Nonlinear optical conductivity of a generic two band systems, with application to doped and gapped graphene

TL;DR

This paper develops a general nonlinear optical conductivity model for two-band systems, applying it to doped and gapped graphene to analyze nonlinear effects beyond linear response.

Contribution

It introduces a unified analytical framework based on optical Bloch equations for nonlinear optical conductivity in two-band systems, including doping and temperature effects.

Findings

Derived the universal ac conductivity of graphene in the linear regime.

Identified a key parameter controlling optical nonlinearities.

Analyzed high-intensity nonlinear deviations in doped and gapped graphene.

Abstract

We present a general formulation to calculate the dynamic optical conductivity, beyond the linear response regime, of any electronic system whose quasiparticle dispersion is described by a two band model. Our phenomenological model is based on the optical Bloch equations. In the steady state regime it yields an analytic solution for the population inversion and the interband coherence, which are nonlinear in the optical field intensity, including finite doping and temperature effects. We explicitly show that the optical nonlinearities are controlled by a single dimensionless parameter which is directly proportional to the incident field strength and inversely proportional to the optical frequency.
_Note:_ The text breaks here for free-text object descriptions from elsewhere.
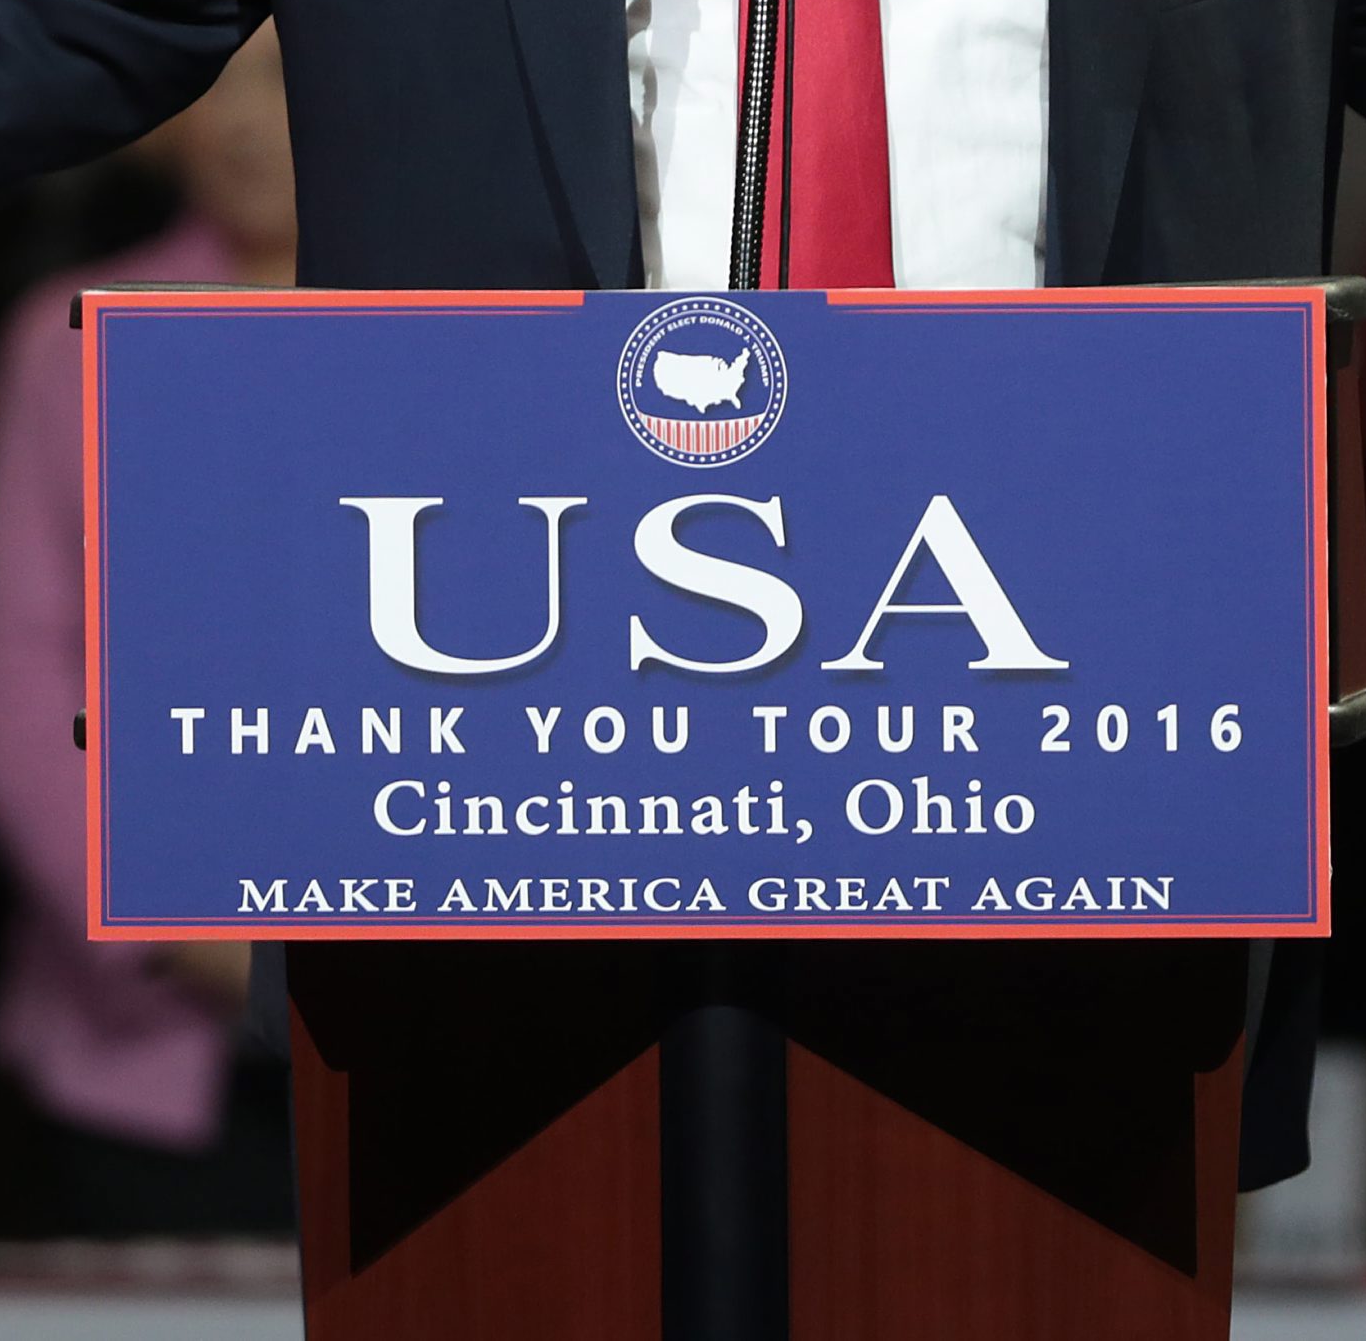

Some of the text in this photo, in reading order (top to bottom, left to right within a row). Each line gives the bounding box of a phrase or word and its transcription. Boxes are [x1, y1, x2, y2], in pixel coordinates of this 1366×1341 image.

[636, 329, 666, 387] PRESIDENT
[668, 316, 697, 332] ELECT
[699, 316, 743, 335] DONALD
[751, 343, 769, 387] TRUMP
[339, 494, 1069, 673] USA
[171, 704, 1241, 754] THANK YOU TOUR 2016
[374, 776, 1034, 844] Cincinnati, Ohio
[238, 877, 1174, 912] MAKE AMERICA GREAT AGAIN
This identification leads to a unified way to study the dynamical conductivity and the differential transmission spectrum across a wide range of optical frequencies, and optical field strength. We use our formalism to analytically calculate the nonlinear optical conductivity of doped and gapped graphene, deriving the well known universal ac conductivity of $\sigma_0={e^2}/4\hbar$ in the linear response regime of low optical intensities (or equivalently high frequencies) and non-linear deviations from it which appear at high laser intensities (or low frequencies) including the impact of finite doping and band-gap opening.